And sanctions imposed by the West on Zimbabwe at the turn of the millennium had the net effect of compounding the deleterious impact of IMF-prescribed policies.

Taming the beast

But it is now high time we tame the grotesque creature that the informal sector has become.

Not only is it haemorrhaging the formal sector but has become a haven for all manner of malfeasance, like smuggling of goods and substances, and a conduit through which some unscrupulous businesses are using to circumvent the law.

This has unfortunately left formal law-abiding businesses and employees to bear a disproportionate share of taxes needed to support Government programmes.

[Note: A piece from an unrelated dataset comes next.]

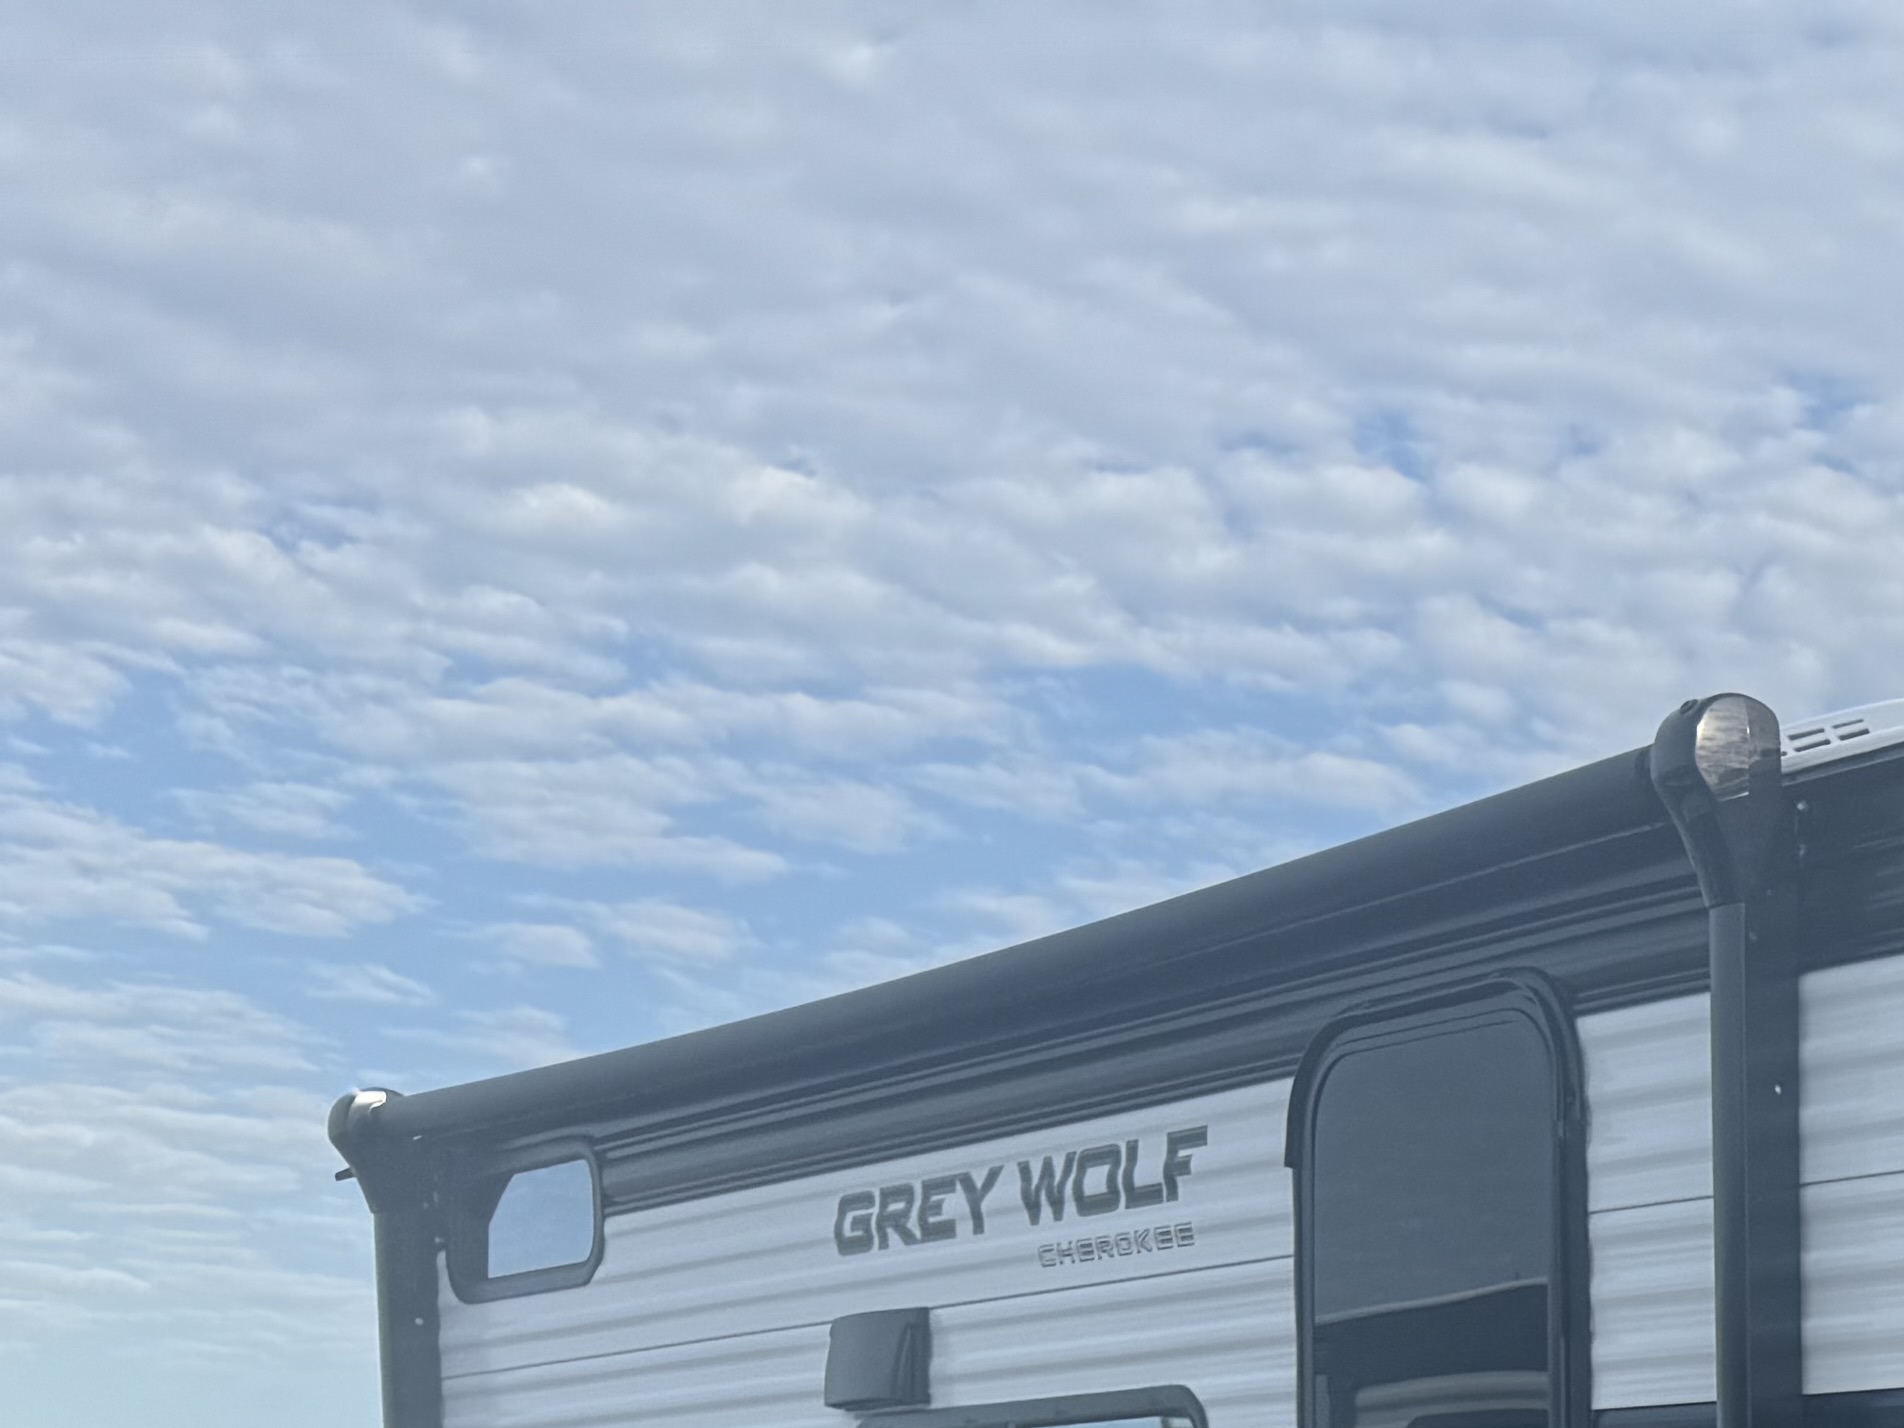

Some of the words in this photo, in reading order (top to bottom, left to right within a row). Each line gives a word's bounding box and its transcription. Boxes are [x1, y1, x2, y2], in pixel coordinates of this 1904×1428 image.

[833, 1164, 1005, 1257] GREY
[1016, 1124, 1209, 1227] WOLF
[1037, 1221, 1196, 1269] CHEROKEE

However, the burden to build Zimbabwe into a modern, prosperous State is for all us, without exception, to bear.

It reminds Bishop Lazi of Mark 12:13-17.

“Later they sent some of the Pharisees and Herodians to Jesus to catch him in his words. They came to him and said, ‘Teacher, we know that you are a man of integrity. You aren’t swayed by others, because you pay no attention to who they are; but you teach the way of God in accordance with the truth. Is it right to pay the imperial tax to Caesar or not? Should we pay or shouldn’t we?’

“But Jesus knew their hypocrisy. ‘Why are you trying to trap me?’ he asked. ‘Bring me a denarius and let me look at it.’ They brought the coin, and he asked them, ‘Whose image is this? And whose inscription?’ ‘Caesar’s,’ they replied.

“Then Jesus said to them, ‘Give back to Caesar what is Caesar’s and to God what is God’s.’”

In other words, the informal sector should pay its dues.

That the Zimbabwe Revenue Authority (Zimra) can seize US$2 million worth of goods in just two months shows the extent of the problem we presently face.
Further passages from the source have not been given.